Please reproduce all of the data below exactly, leaving each picture out.

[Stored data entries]
━━━
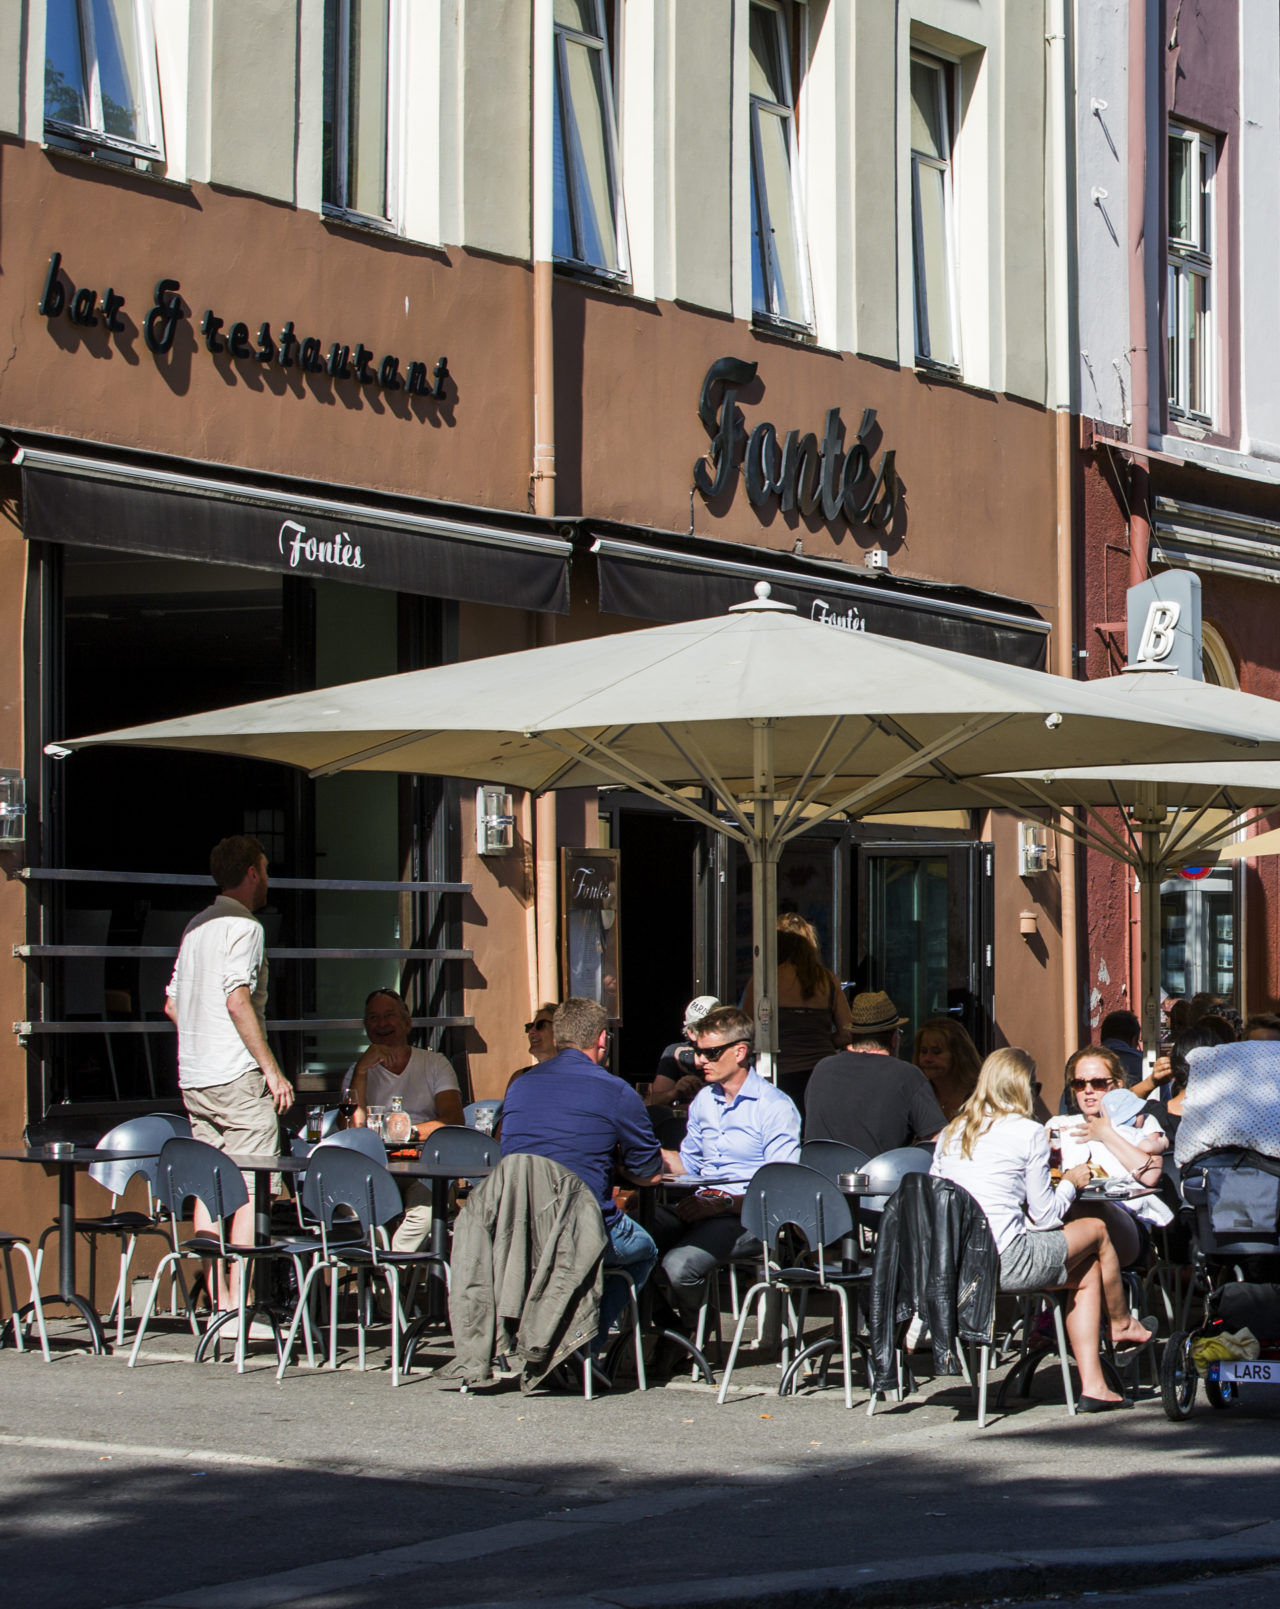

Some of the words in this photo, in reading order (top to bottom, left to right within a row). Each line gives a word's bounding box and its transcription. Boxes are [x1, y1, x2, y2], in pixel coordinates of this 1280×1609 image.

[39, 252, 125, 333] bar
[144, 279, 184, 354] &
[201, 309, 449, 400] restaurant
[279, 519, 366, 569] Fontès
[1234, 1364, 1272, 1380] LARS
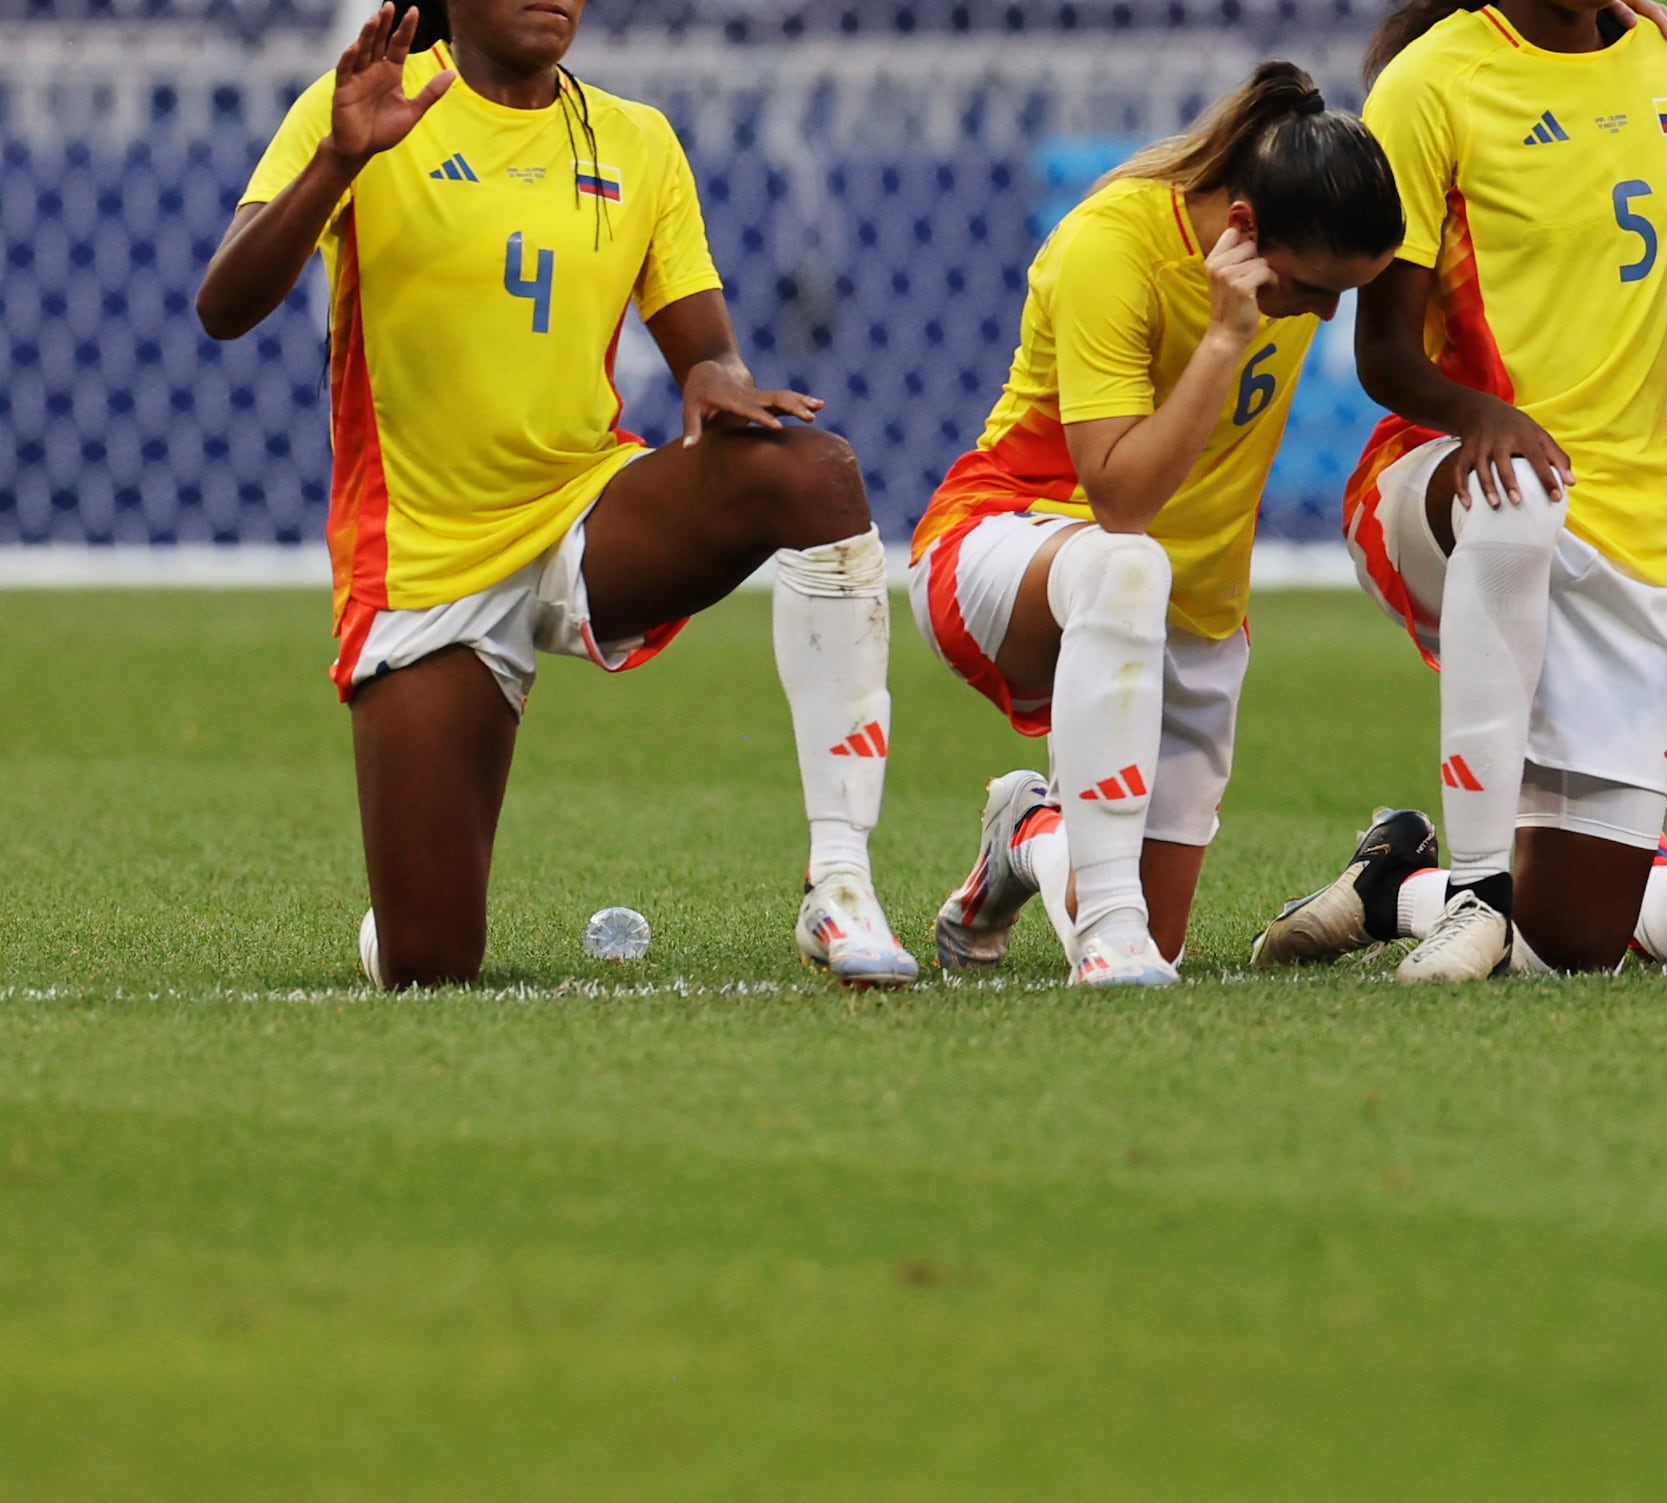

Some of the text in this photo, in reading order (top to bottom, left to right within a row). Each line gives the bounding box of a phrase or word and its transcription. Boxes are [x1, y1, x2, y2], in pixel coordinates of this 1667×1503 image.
━━━
> _SOLUTION TO THIS EXERCISE_
Some of the words in this photo, in reading order (top to bottom, left to right within a row). Each line gives a word's bounding box and its transcription. Boxes are [x1, y1, x2, y2], in pixel coordinates of this 1280×1609 image.

[39, 252, 125, 333] bar
[144, 279, 184, 354] &
[201, 309, 449, 400] restaurant
[279, 519, 366, 569] Fontès
[1234, 1364, 1272, 1380] LARS

Some of the text in this photo, in reading order (top to bottom, left to right within a row). Each line gives the bounding box of a phrase or word and its transcription. Boxes are [x1, y1, x2, y2], in pixel coordinates of this 1667×1503 image.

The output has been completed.